Required work -
The entries must be set down again word for word; no pictures belong in the copy.

++++ Material for this task

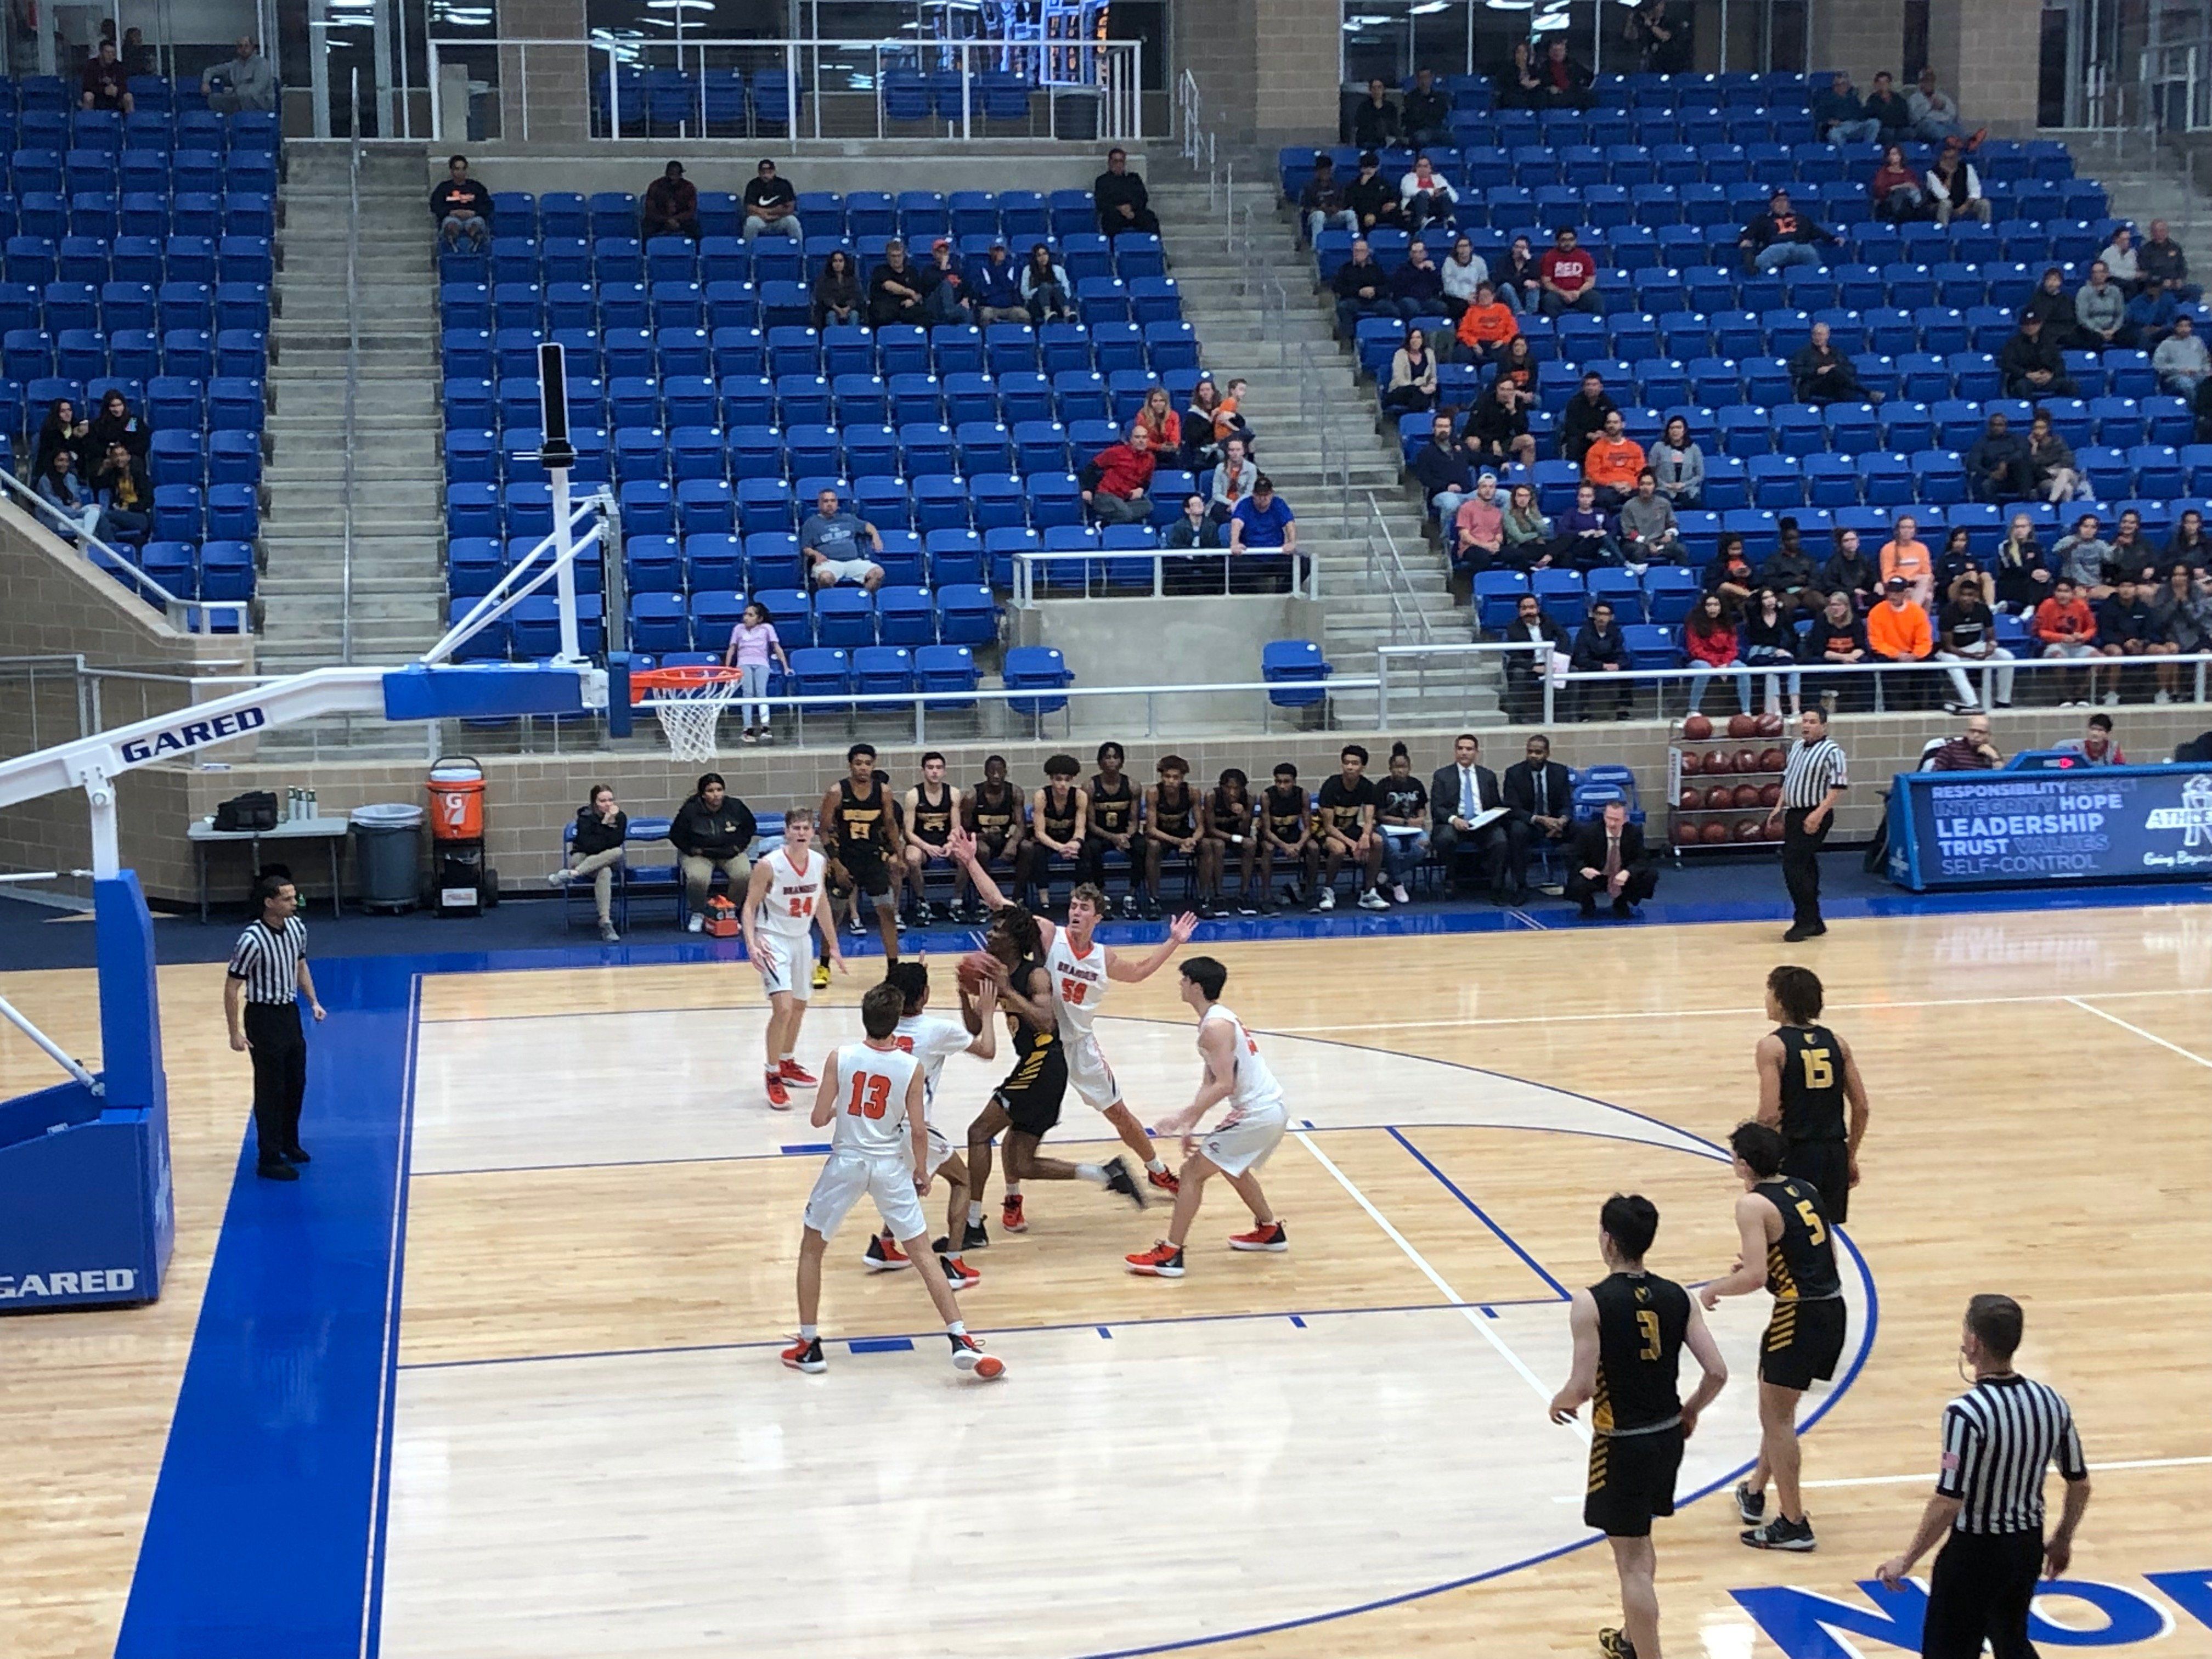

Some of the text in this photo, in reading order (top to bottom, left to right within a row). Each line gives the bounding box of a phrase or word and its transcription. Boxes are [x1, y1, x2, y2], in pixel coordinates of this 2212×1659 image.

[1555, 261, 1583, 278] RED
[121, 707, 266, 764] GARED
[1932, 777, 2137, 799] RESPONSIBILITY RESPECT
[445, 793, 462, 809] G
[1932, 793, 2124, 817] INTEGRITY HOPE
[1936, 812, 2105, 838] LEADERSHIP
[1938, 833, 2110, 856] TRUST VALUES
[1942, 853, 2101, 875] SELF-CONTROL
[789, 896, 812, 918] 24
[1799, 1047, 1833, 1089] 15
[847, 1070, 892, 1120] 13
[1795, 1199, 1826, 1246] 5
[1635, 1310, 1662, 1361] 3

++++++++

Written response -
Some of the text in this photo, in reading order (top to bottom, left to right within a row). Each line gives the bounding box of a phrase or word and its transcription. Boxes are [x1, y1, x2, y2], in pixel coordinates of this 2212×1659 image.

[1555, 261, 1583, 278] RED
[121, 707, 266, 764] GARED
[1932, 777, 2137, 799] RESPONSIBILITY RESPECT
[445, 793, 462, 809] G
[1932, 793, 2124, 817] INTEGRITY HOPE
[1936, 812, 2105, 838] LEADERSHIP
[1938, 833, 2110, 856] TRUST VALUES
[1942, 853, 2101, 875] SELF-CONTROL
[789, 896, 812, 918] 24
[1799, 1047, 1833, 1089] 15
[847, 1070, 892, 1120] 13
[1795, 1199, 1826, 1246] 5
[1635, 1310, 1662, 1361] 3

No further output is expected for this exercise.